To be healthy is one of the most precious things in life, but it can be difficult to know exactly what to do to support this. There is no one size fits all, but predominantly, there are two things you need to do to make a difference; exercise regularly and eat a healthy balanced diet. In essence, your output needs to be more than your input in order to be in a deficit and lose weight. There is no quick fix to weight loss, it takes consistency and time, but the theory behind it is simple.

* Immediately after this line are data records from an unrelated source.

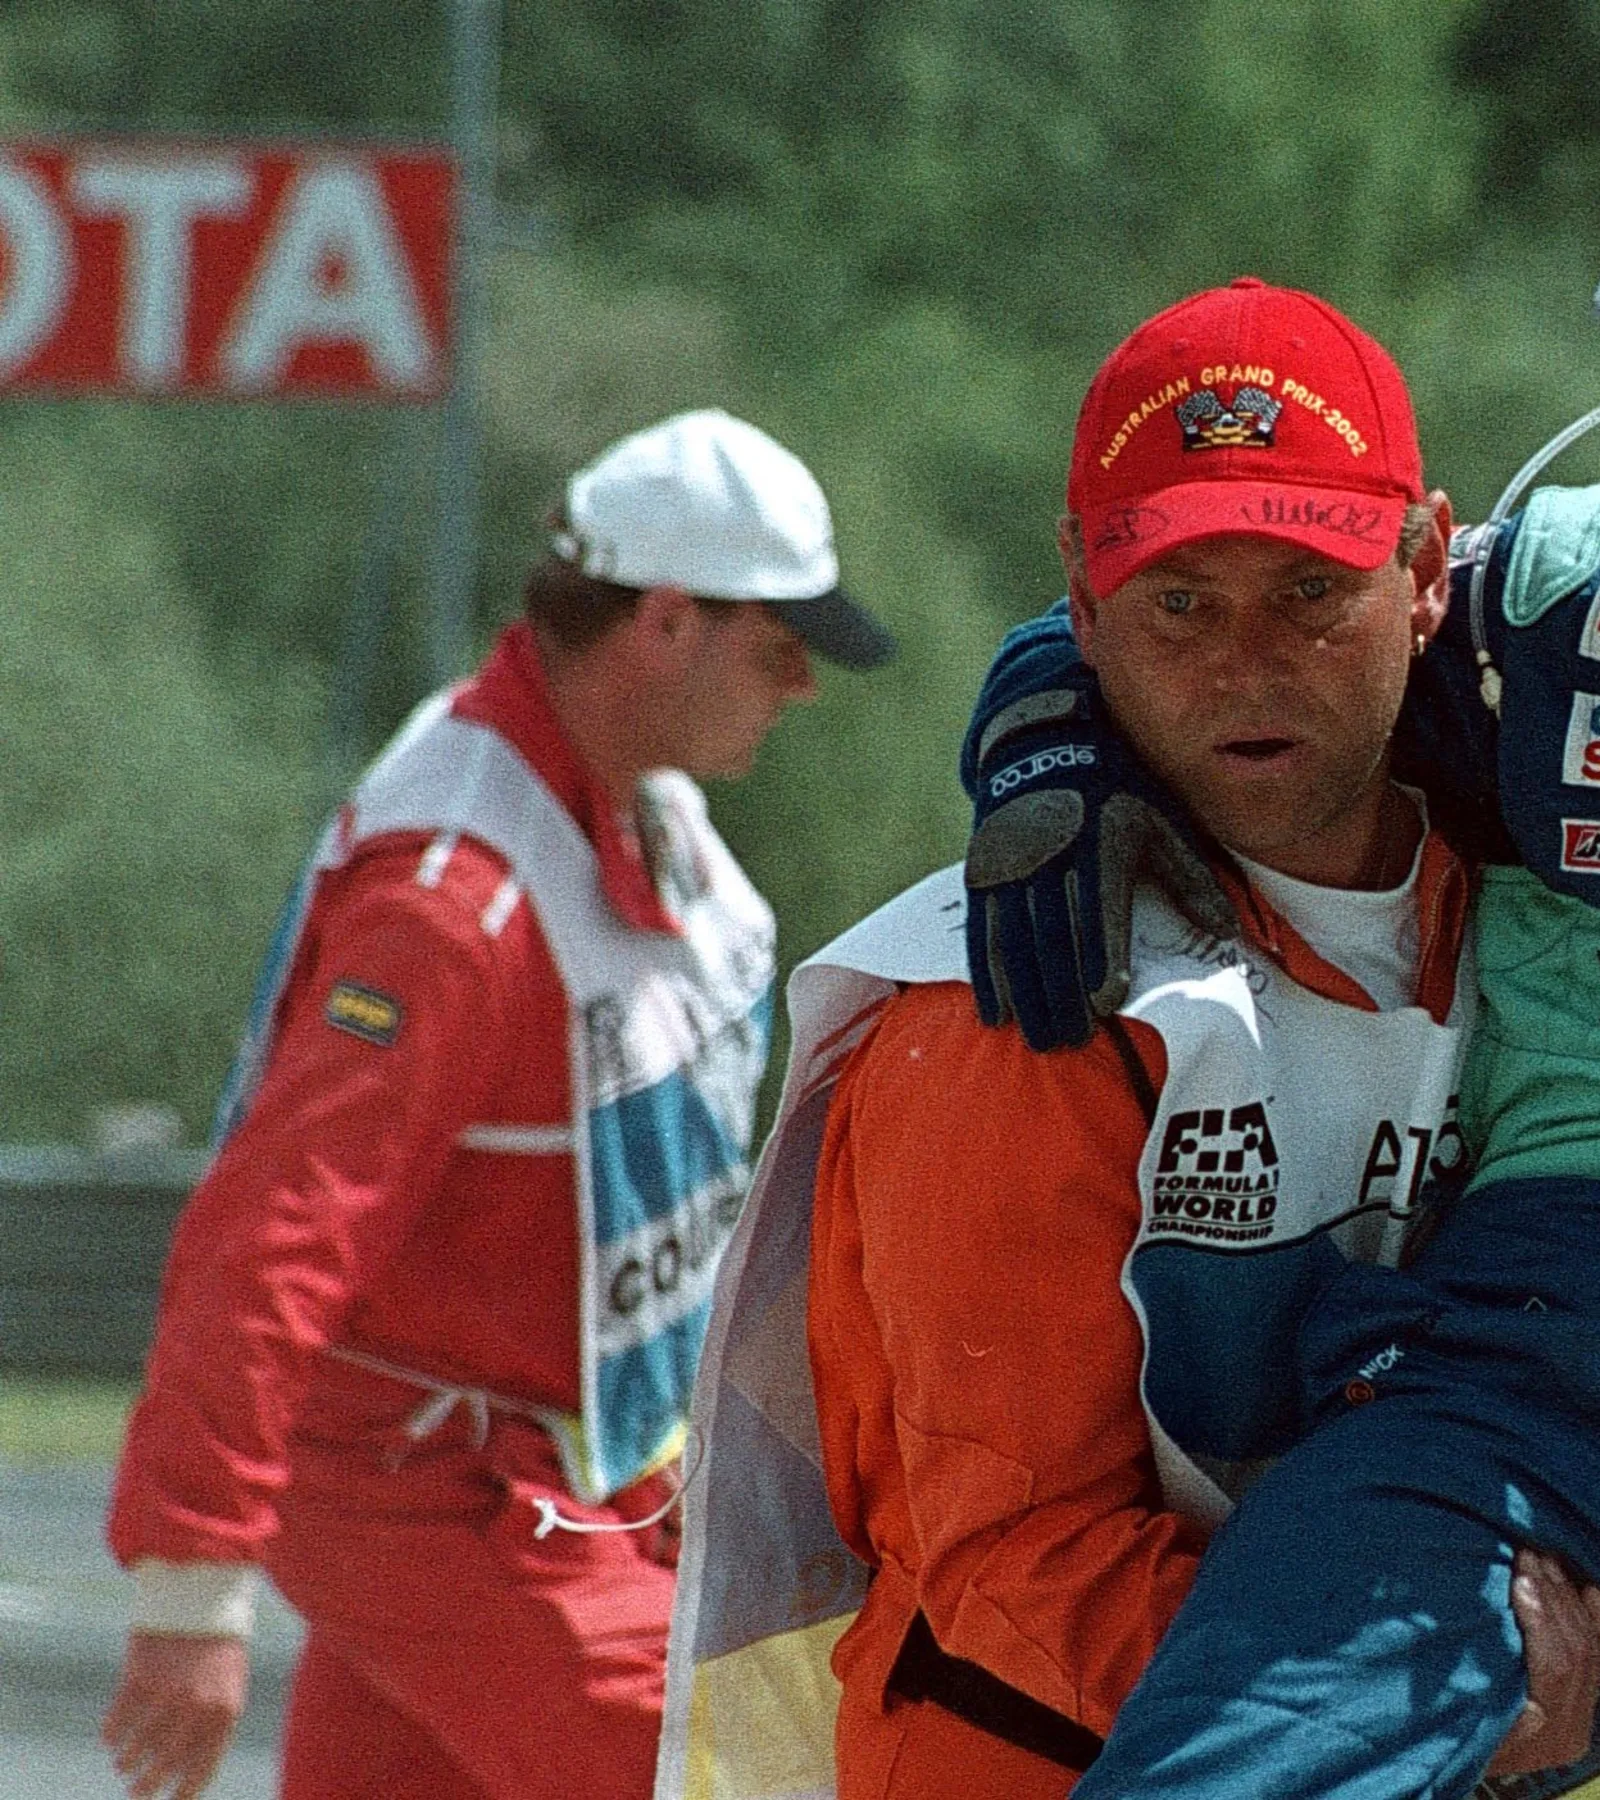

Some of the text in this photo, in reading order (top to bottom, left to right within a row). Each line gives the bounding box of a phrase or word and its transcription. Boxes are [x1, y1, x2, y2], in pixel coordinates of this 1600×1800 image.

[1099, 364, 1368, 470] AUSTRALIAN GRAND PRIX-2002
[989, 744, 1096, 797] sparco
[1153, 1174, 1270, 1194] FORMULA
[1153, 1194, 1278, 1223] WORLD
[1147, 1221, 1275, 1242] CHAMPIONSHIP
[1358, 1342, 1405, 1380] NICK

Despite government strategies, such as banning tv adverts for high fat and sugar foods before 9 pm, it is down to us as individuals to employ healthier lifestyles. Whilst I appreciate for some this is a lot harder than it sounds, with determination and persistence, anybody can lose weight. Here is how you can step towards losing weight healthily.

Movement

Moving your body on a daily basis is immensely important, not only for your physical health, but also for your mental health. There is no quick fix to losing weight, and it is difficult to do so sustainably on diet alone, and vice versa, therefore, the most effective method is to incorporate exercise into your daily routine in the least disruptive, most enjoyable way.

As a guide, an individual should aim to move for at least 150 minutes a week, which is just over 21 minutes a day. That is less than 1.5% of a day! If you can do more than that, great, but use this as a starting point.

If you find it difficult to motivate yourself alone, try going to a class at your local gym or employing a personal trainer. Opting for a personal trainer can help ensure you push yourself enough without causing damage by doing too much too soon.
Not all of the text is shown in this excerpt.